Add DC offset removal and configurable fade for phrase boundaries
Adds DC offset removal and configurable fade-in/fade-out to phrase boundaries to eliminate clicking noise.
Fixes #1762
Investigation Update
After further investigation on #1762, the root cause of clicking noise is DC offset at phrase boundaries. Note that this issue only affects some voicebanks - not all models produce DC offset.
Root Cause Analysis
Each phrase may have a small DC offset (~-56dB). At phrase boundaries, sudden changes in DC offset create step functions that appear as vertical lines across all frequencies in the spectrogram.
Solution
Implemented edge-based DC offset removal and optional fading:
- Calculate DC offset using first/last 100 samples of each phrase (boundary regions)

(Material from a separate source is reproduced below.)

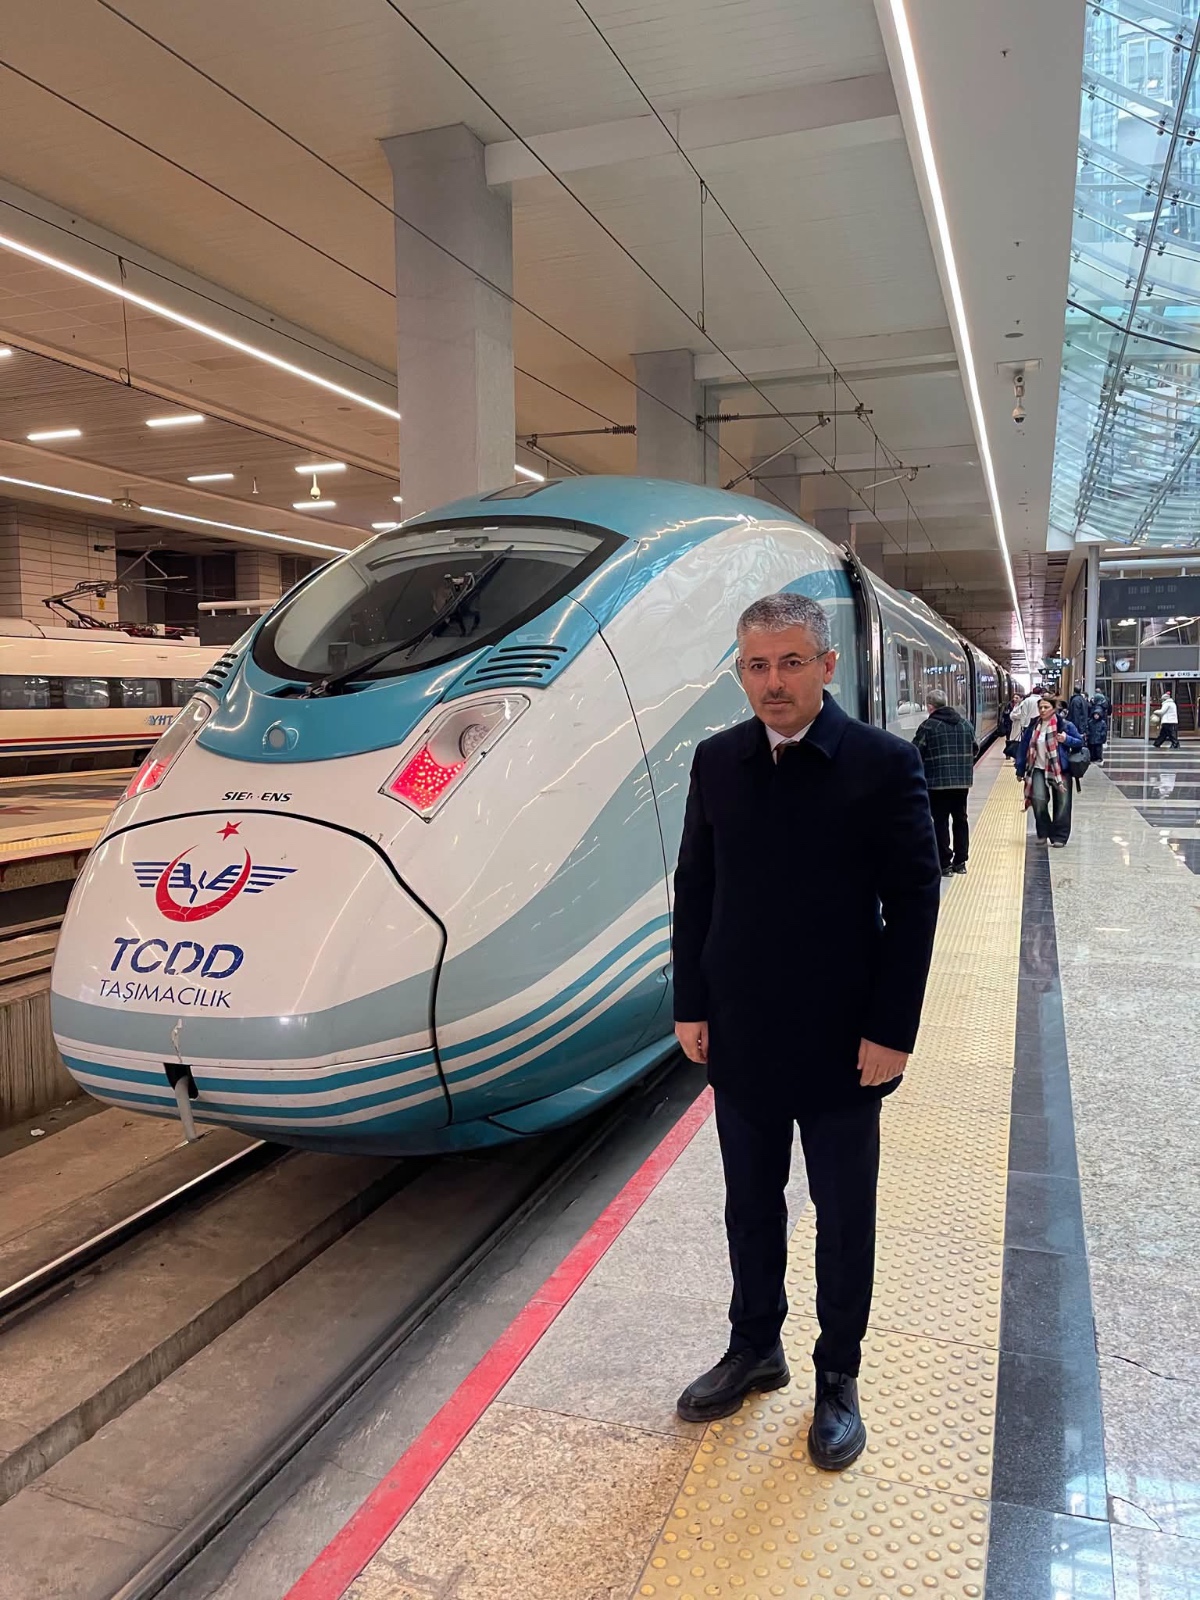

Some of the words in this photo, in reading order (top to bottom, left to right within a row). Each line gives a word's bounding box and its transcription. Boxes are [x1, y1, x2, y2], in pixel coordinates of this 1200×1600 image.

[151, 715, 174, 725] YHT
[109, 937, 244, 979] TCDD
[99, 979, 232, 1008] TAŞIMACILIK

- Subtract this offset from the entire phrase
- Apply optional short fade (0-50ms) for additional smoothing
Architecture
General-purpose implementation (per @yqzhishen's suggestion):
- Features available for all synthesis engines (Classic, Worldline, Enunu, Vogen, DiffSinger, Voicevox)
- Implemented in
Renderers.ApplyPostProcessing()- centralized post-processing utility - Applied in
RenderEngine.RenderRequests()- single choke point for all rendered phrases - Settings moved from DiffSinger preferences to general Rendering preferences
- Zero changes needed to individual renderer implementations
Results
Before (raw output):
After DC offset removal:
After DC offset removal + 10ms fade:
Features
- DC offset removal: Edge-based estimation and removal (default: off)

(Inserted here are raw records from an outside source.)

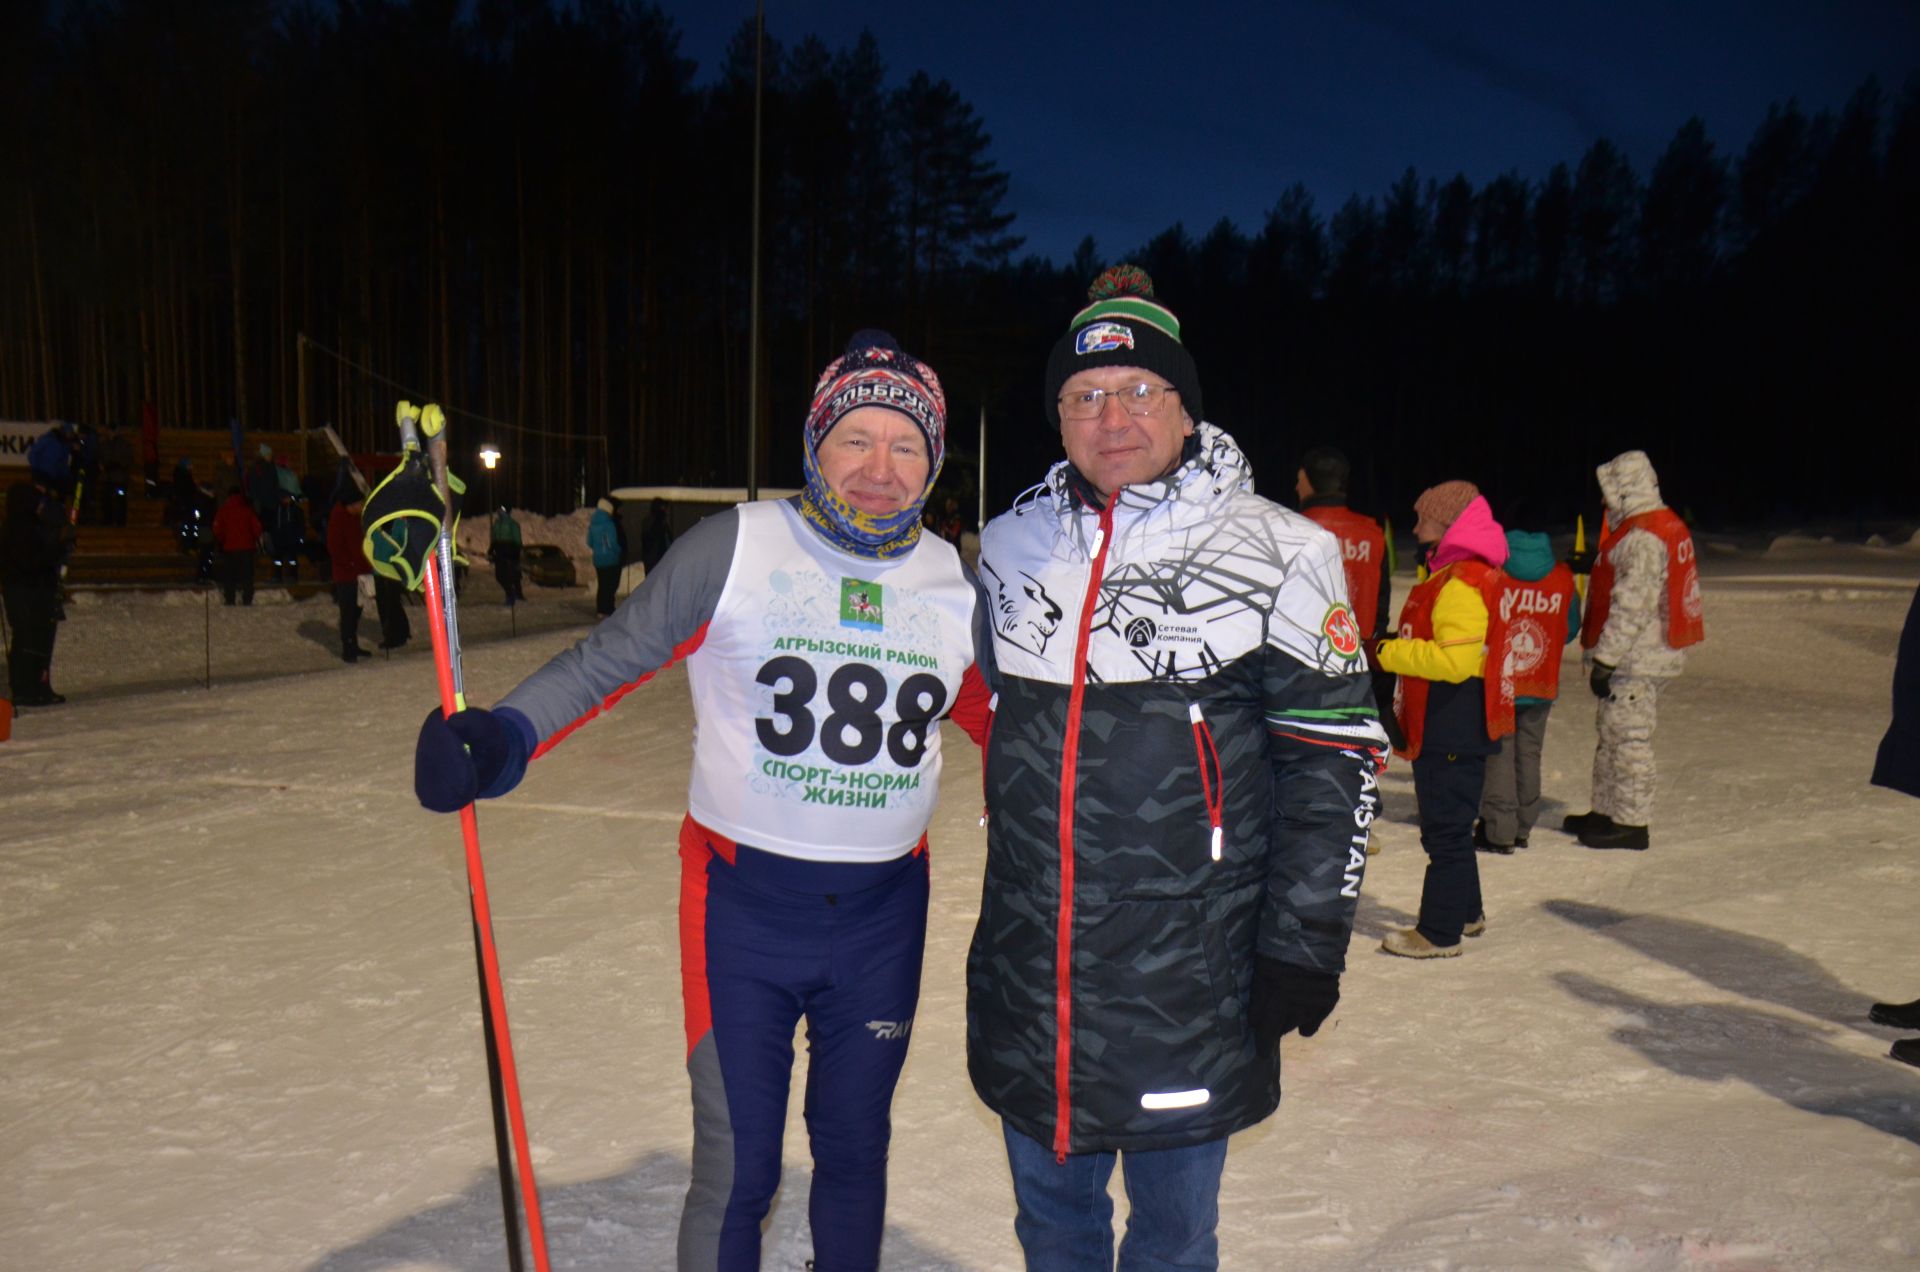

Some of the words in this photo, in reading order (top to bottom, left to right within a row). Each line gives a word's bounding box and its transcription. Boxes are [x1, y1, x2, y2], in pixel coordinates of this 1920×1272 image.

[1503, 587, 1562, 615] УДЬЯ
[1157, 634, 1202, 644] Компания
[1158, 624, 1198, 634] Сетевая
[774, 637, 881, 660] АГРЫЗСКИЙ
[886, 649, 938, 669] РАЙОН
[755, 655, 947, 768] 388
[801, 786, 887, 809] ЖИЗНИ

- Phrase fading: Configurable fade duration 0-50ms (default: off, 10ms when enabled)
- Fade curves: Linear, exponential, sine, equal-power, Hann (default: Hann)
- Both features work on cached renders (applied as post-processing)
- Available in general Rendering preferences (affects all engines)
Code Quality Improvements
- Fixed double-counting bug in DC offset calculation for short phrases
- Added input validation for fade parameters
- Normalized exponential curve to reach exactly 1.0
- Extracted magic numbers as named constants
Built and tested on macOS 26.0.1 arm64.
Special thanks to @yqzhishen for suggesting to make this a general-purpose feature instead of DiffSinger-only! 🙏
- This sounds like a vocoder issue. The best place to solve it is the vocoder. I don't think the community vocoders produce DC offset. Is it a fine-tuned vocoder?
- The solution in this PR is kind of weird. Should at lease use a high pass filter to process the waveform.
- Since nobody else would need this, should probably use an option in ds vocoder config to turn it on.